By Jerry Roberts
“Frost-Nixon,” the hit movie about Big Dick Nixon’s famous post-Watergate TV interviews, won an Academy Award nomination for Best Motion Picture of the Year.
Ken Khachigian is glad it’s not up for Best Documentary Feature.
California’s top-ranked Republican strategist (and All-World UCSB alum) Khachigian was a longtime aide to Nixon and chief researcher for his 1977 television confrontation with British talk-show host David Frost. Portrayed in “Frost-Nixon” by Gabriel Jarret, and an informal adviser on the film, Khachigian has a good news-bad news take on it.
“It’s great entertainment,” he told me. “Having said that, it’s not great history.”
Khachigian graduated in 1966 as Gaucho student body president, then joined Nixon’s 1968 presidential campaign and the White House communications staff at Pat Buchanan’s urging. After Nixon resigned in 1974, he was one of four key aides to join him in San Clemente (Diane Sawyer was most notable among the others). He worked closely with Nixon, first on a memoir and, after Frost ponied up $1 million for the first post-presidency interviews, preparing for 28 hours of taping. “We put together 25 briefing books, and I spent dozens of hours prepping him,” he said.
Frost’s interviews with Nixon were of national interest because Gerald Ford’s pardon after the resignation provided a free legal pass – not only for the White House-sponsored 1972 break-in at Democratic national headquarters, but also for other alleged high crimes and misdemeanors, short-handed by the media as The Watergate Scandal, disclosed as the burglary cover-up unspooled. Millions wanted Nixon held to account, and Frost got the first, best chance to do the job. “Frost-Nixon,” however, overreaches in how effectively he performed: In reality, Frost scored points against the ex-president, but nowhere near the knock-out of the movie.
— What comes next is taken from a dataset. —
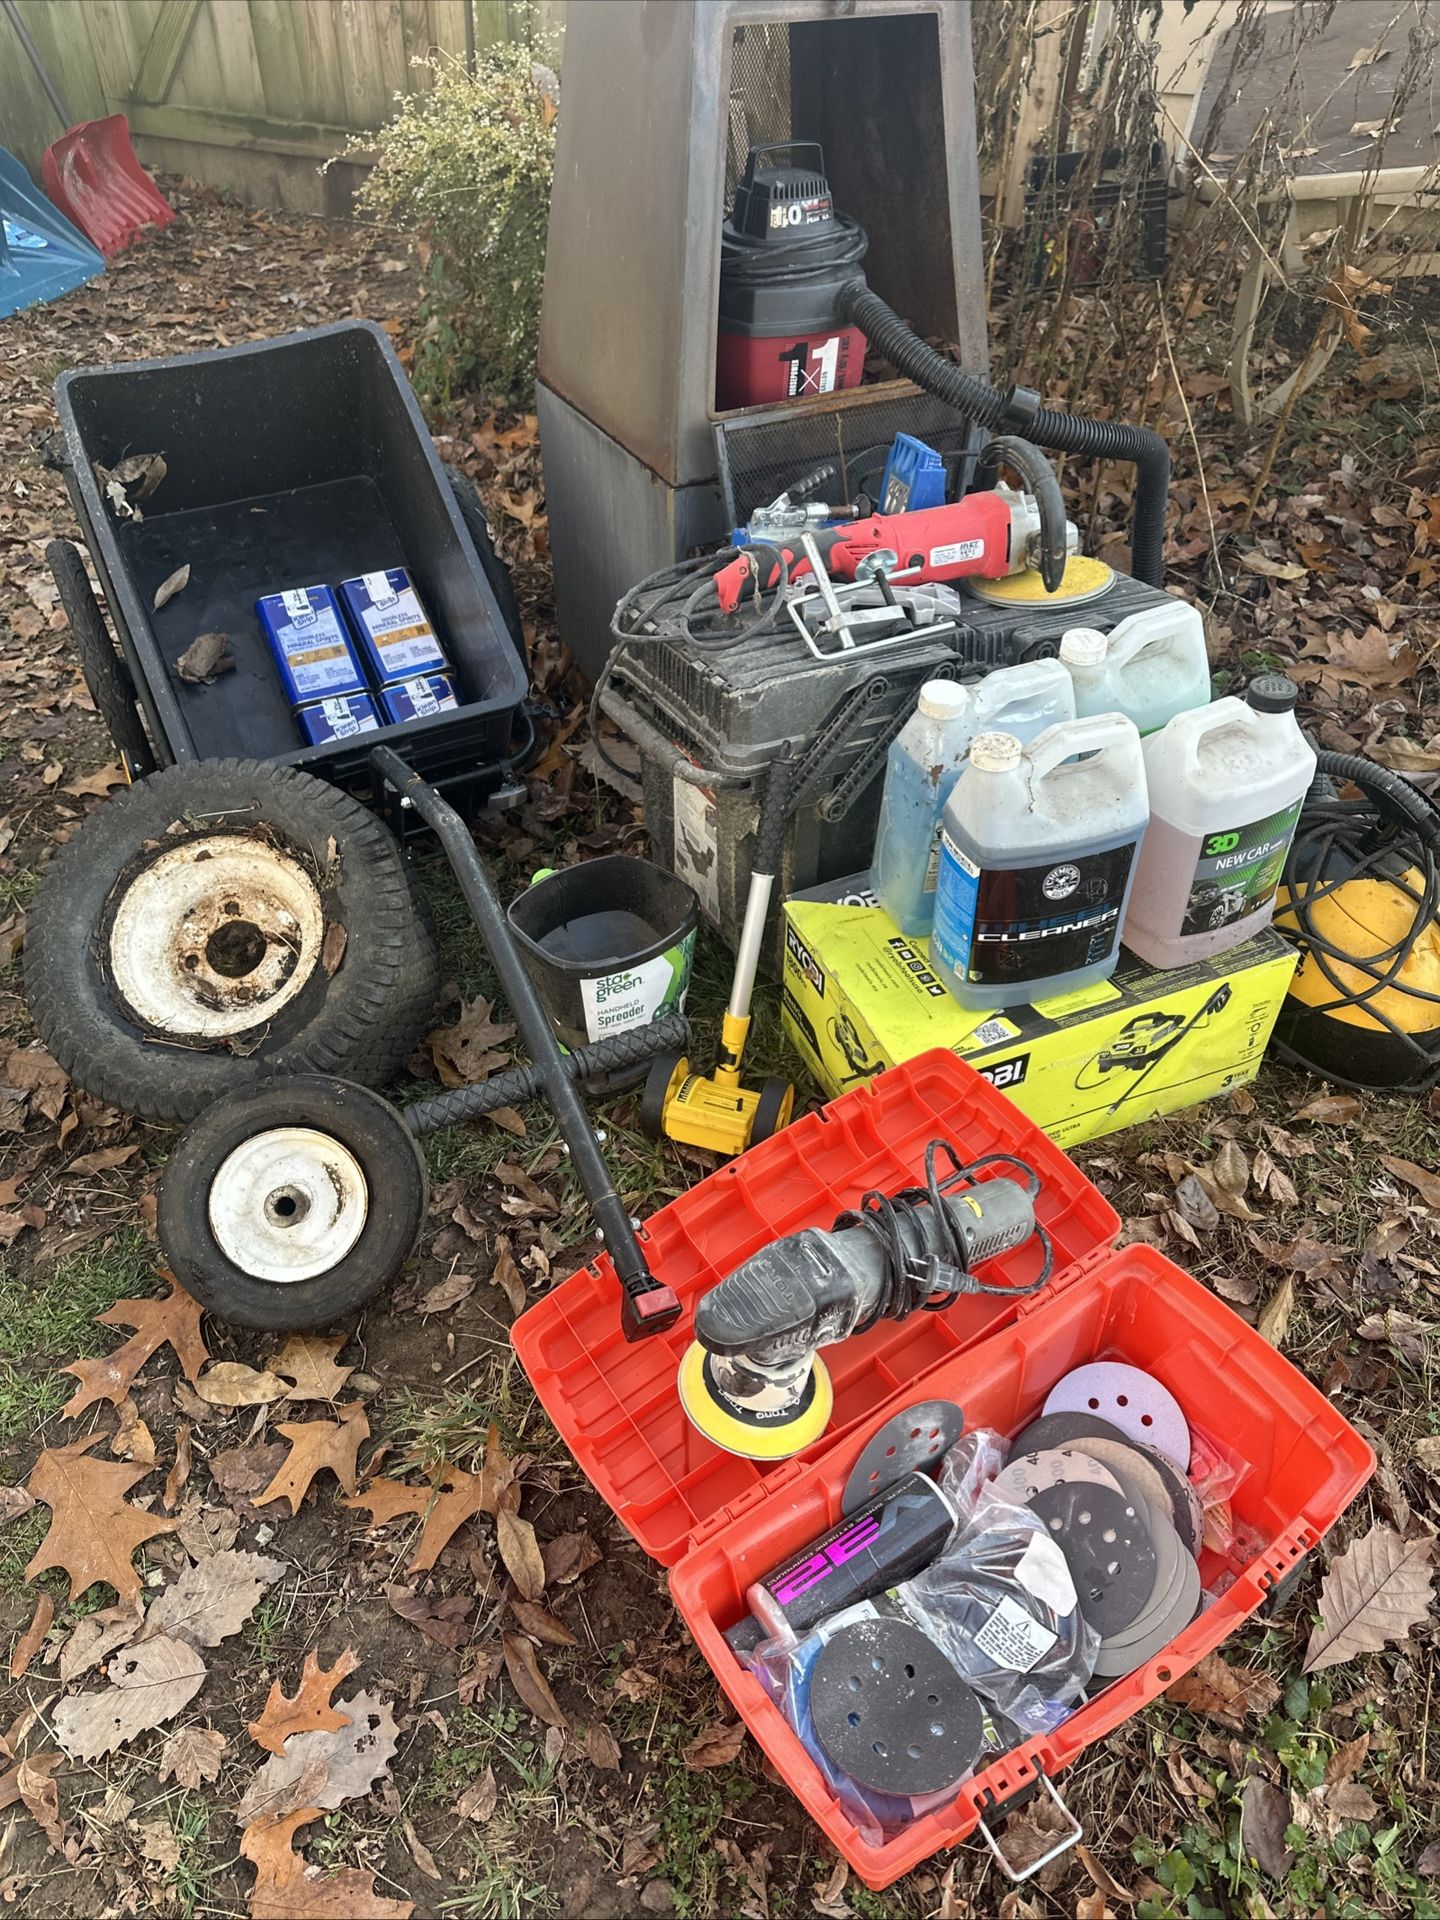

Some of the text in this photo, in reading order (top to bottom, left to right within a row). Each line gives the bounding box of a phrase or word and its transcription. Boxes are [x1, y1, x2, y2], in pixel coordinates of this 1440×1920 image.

The climax of the film (Spoiler Alert), in fact, substantively distorts the historical record. The money shot comes when Frank Langella, whose performance won him a best actor Oscar nomination, is cross-examined by Frost, played by Michael Sheen, who presses for some justification for the break-in at the Watergate complex.
“When the president does it, it’s not illegal,” a harried Nixon-Langhella blurts. As big screen drama, it’s a great moment; as history, not so much.
As Khachigian recalled, Nixon said those words – but not in connection with the break-in. Instead, the comment came amid a colloquy with Frost about the [Houston] Huston Plan, a secret White House wiretap operation aimed at officials suspected of leaking national security information. Legally, Nixon’s claim that as a policy matter he, as a wartime president, had authority to order wiretaps is a broad, if familiar, view of executive power (See: Bush, George W.) – but far from an admission of guilt, or even responsibility, for a felony crime.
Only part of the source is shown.